--- START ---
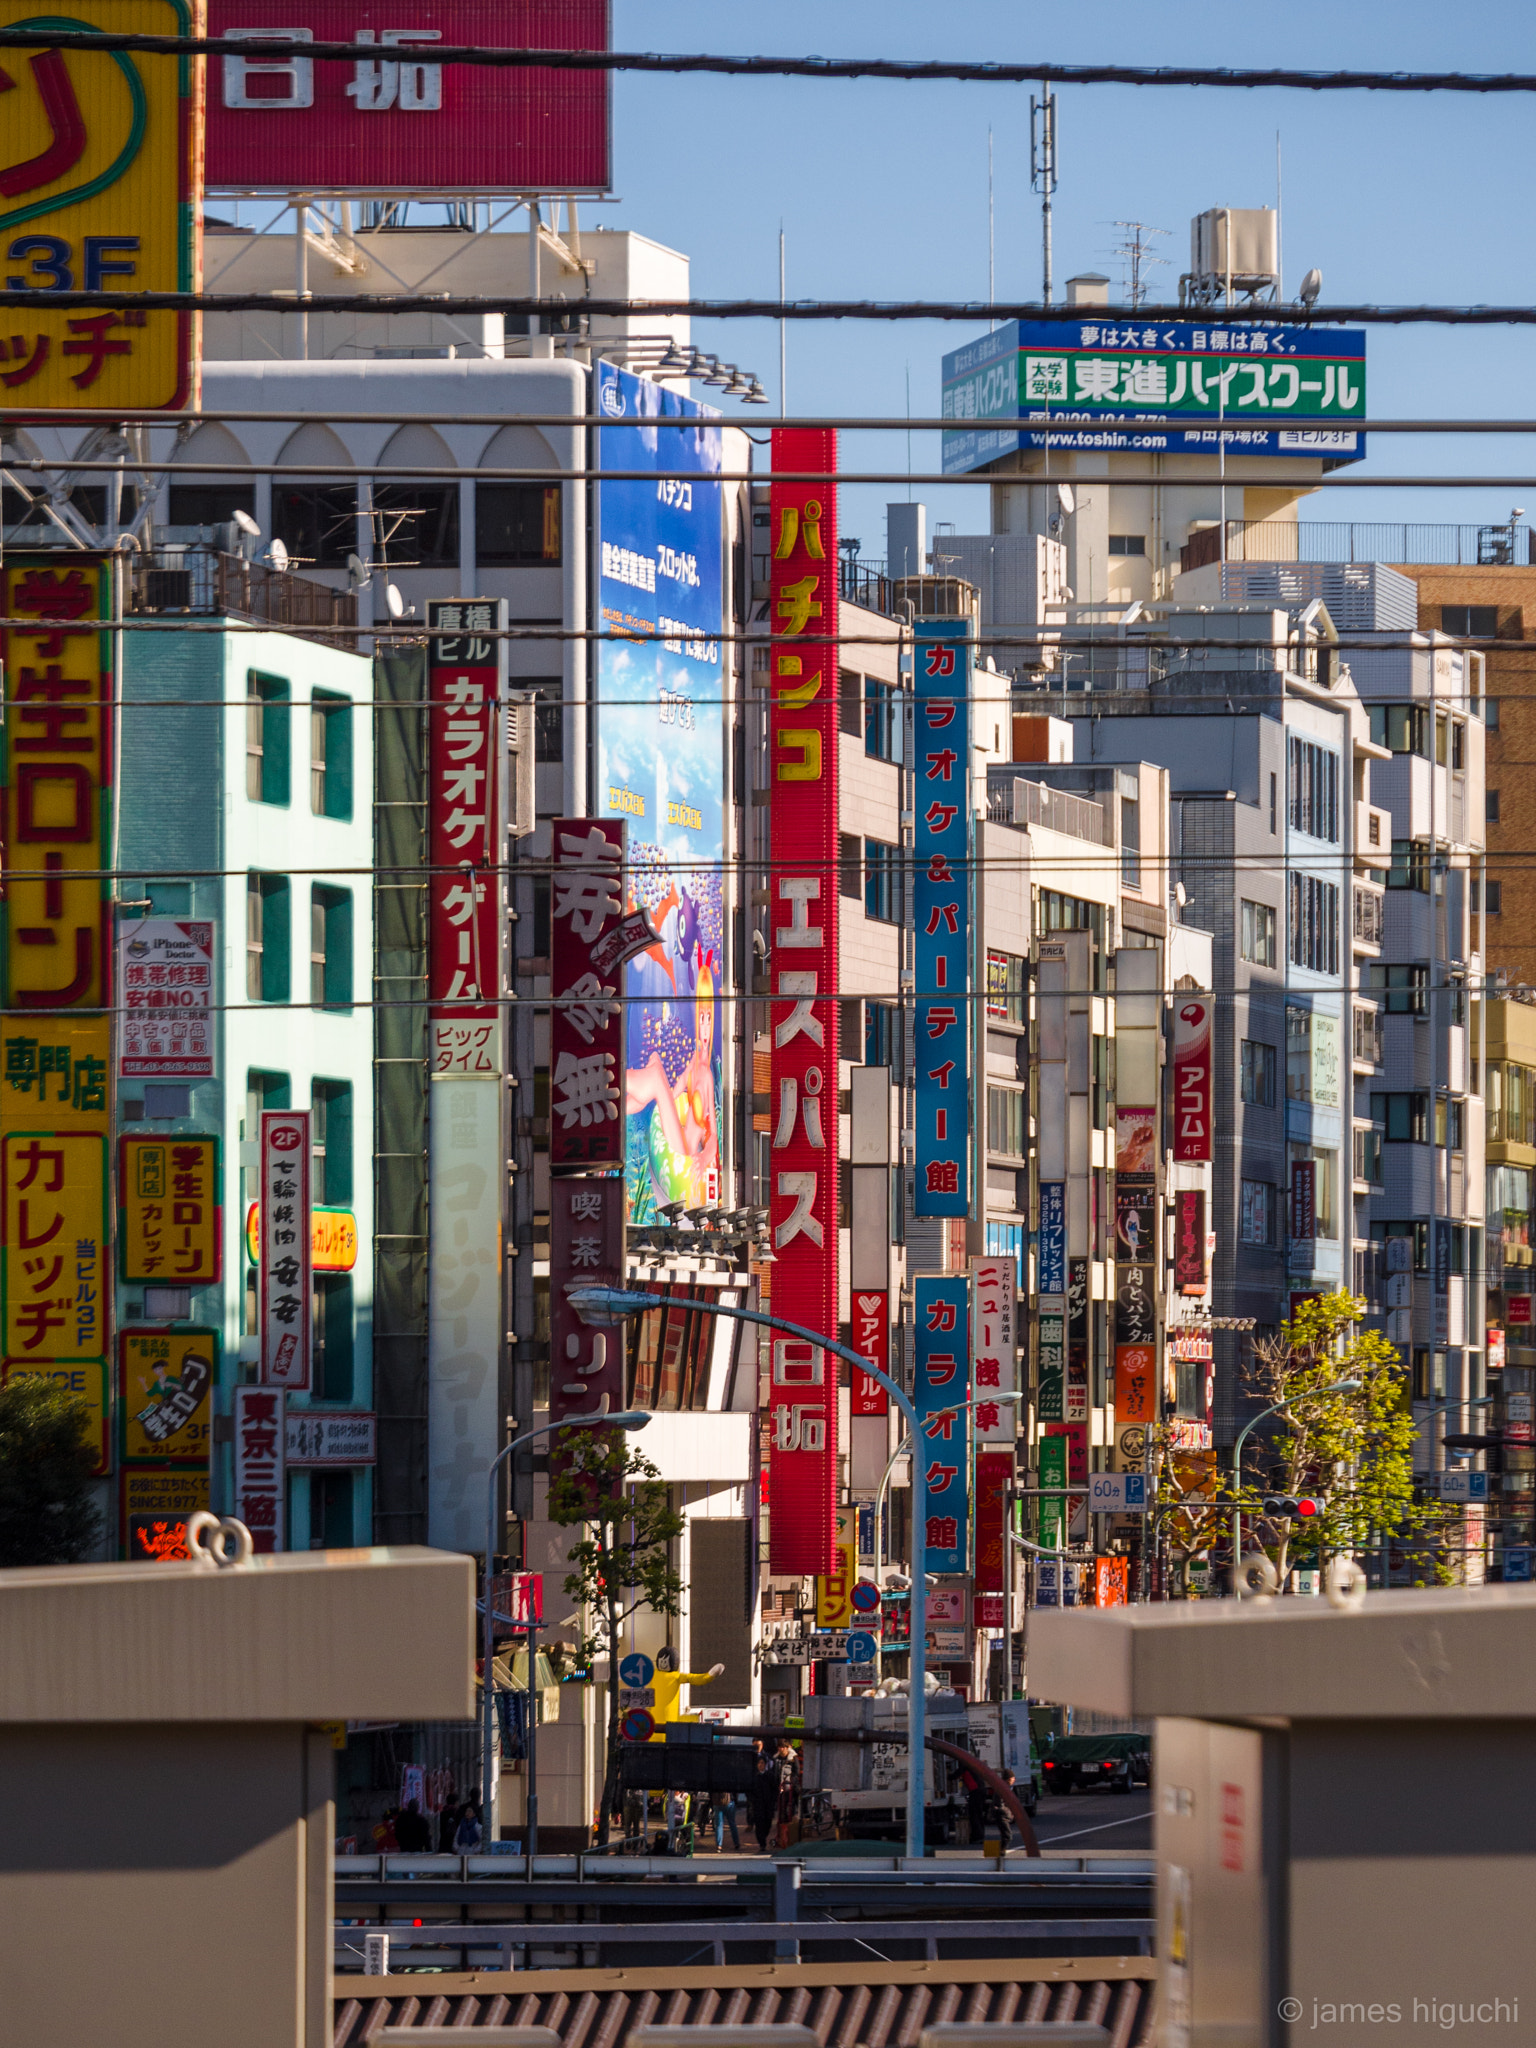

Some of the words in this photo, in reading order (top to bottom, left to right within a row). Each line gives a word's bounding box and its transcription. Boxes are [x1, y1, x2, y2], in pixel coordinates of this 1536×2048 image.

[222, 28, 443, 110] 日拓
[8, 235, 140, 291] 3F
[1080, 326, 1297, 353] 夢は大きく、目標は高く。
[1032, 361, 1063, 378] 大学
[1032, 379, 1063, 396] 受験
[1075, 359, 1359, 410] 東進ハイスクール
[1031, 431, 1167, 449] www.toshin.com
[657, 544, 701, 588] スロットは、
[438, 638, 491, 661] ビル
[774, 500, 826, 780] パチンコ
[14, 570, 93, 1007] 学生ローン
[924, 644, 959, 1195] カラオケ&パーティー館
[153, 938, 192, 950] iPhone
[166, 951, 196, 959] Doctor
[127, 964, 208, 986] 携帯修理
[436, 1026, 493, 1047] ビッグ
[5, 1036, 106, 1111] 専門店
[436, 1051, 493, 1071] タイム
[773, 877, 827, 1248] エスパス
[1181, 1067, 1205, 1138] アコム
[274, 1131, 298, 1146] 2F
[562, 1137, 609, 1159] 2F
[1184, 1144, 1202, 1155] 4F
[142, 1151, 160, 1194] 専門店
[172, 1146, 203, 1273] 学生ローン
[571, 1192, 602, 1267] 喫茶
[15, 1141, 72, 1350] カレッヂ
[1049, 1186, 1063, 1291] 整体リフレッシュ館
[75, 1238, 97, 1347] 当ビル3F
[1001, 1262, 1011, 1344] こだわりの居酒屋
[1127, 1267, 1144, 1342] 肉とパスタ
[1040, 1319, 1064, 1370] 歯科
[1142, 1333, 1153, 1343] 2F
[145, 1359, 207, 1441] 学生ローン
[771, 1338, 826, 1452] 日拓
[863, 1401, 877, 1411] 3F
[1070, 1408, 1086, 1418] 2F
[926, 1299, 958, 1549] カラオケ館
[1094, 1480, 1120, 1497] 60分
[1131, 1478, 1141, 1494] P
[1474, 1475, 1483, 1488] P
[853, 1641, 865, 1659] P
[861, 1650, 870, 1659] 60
--- END ---
• [TASK BRIEF]:
Pictures stay out; print everything else in the data exactly.

• [RESPONSE FOR THIS EXERCISE]:
Some of the words in this photo, in reading order (top to bottom, left to right within a row). Each line gives a word's bounding box and its transcription. Boxes are [x1, y1, x2, y2], in pixel coordinates of this 1536×2048 image.

[222, 28, 443, 110] 日拓
[8, 235, 140, 291] 3F
[1080, 326, 1297, 353] 夢は大きく、目標は高く。
[1032, 361, 1063, 378] 大学
[1032, 379, 1063, 396] 受験
[1075, 359, 1359, 410] 東進ハイスクール
[1031, 431, 1167, 449] www.toshin.com
[657, 544, 701, 588] スロットは、
[438, 638, 491, 661] ビル
[774, 500, 826, 780] パチンコ
[14, 570, 93, 1007] 学生ローン
[924, 644, 959, 1195] カラオケ&パーティー館
[153, 938, 192, 950] iPhone
[166, 951, 196, 959] Doctor
[127, 964, 208, 986] 携帯修理
[436, 1026, 493, 1047] ビッグ
[5, 1036, 106, 1111] 専門店
[436, 1051, 493, 1071] タイム
[773, 877, 827, 1248] エスパス
[1181, 1067, 1205, 1138] アコム
[274, 1131, 298, 1146] 2F
[562, 1137, 609, 1159] 2F
[1184, 1144, 1202, 1155] 4F
[142, 1151, 160, 1194] 専門店
[172, 1146, 203, 1273] 学生ローン
[571, 1192, 602, 1267] 喫茶
[15, 1141, 72, 1350] カレッヂ
[1049, 1186, 1063, 1291] 整体リフレッシュ館
[75, 1238, 97, 1347] 当ビル3F
[1001, 1262, 1011, 1344] こだわりの居酒屋
[1127, 1267, 1144, 1342] 肉とパスタ
[1040, 1319, 1064, 1370] 歯科
[1142, 1333, 1153, 1343] 2F
[145, 1359, 207, 1441] 学生ローン
[771, 1338, 826, 1452] 日拓
[863, 1401, 877, 1411] 3F
[1070, 1408, 1086, 1418] 2F
[926, 1299, 958, 1549] カラオケ館
[1094, 1480, 1120, 1497] 60分
[1131, 1478, 1141, 1494] P
[1474, 1475, 1483, 1488] P
[853, 1641, 865, 1659] P
[861, 1650, 870, 1659] 60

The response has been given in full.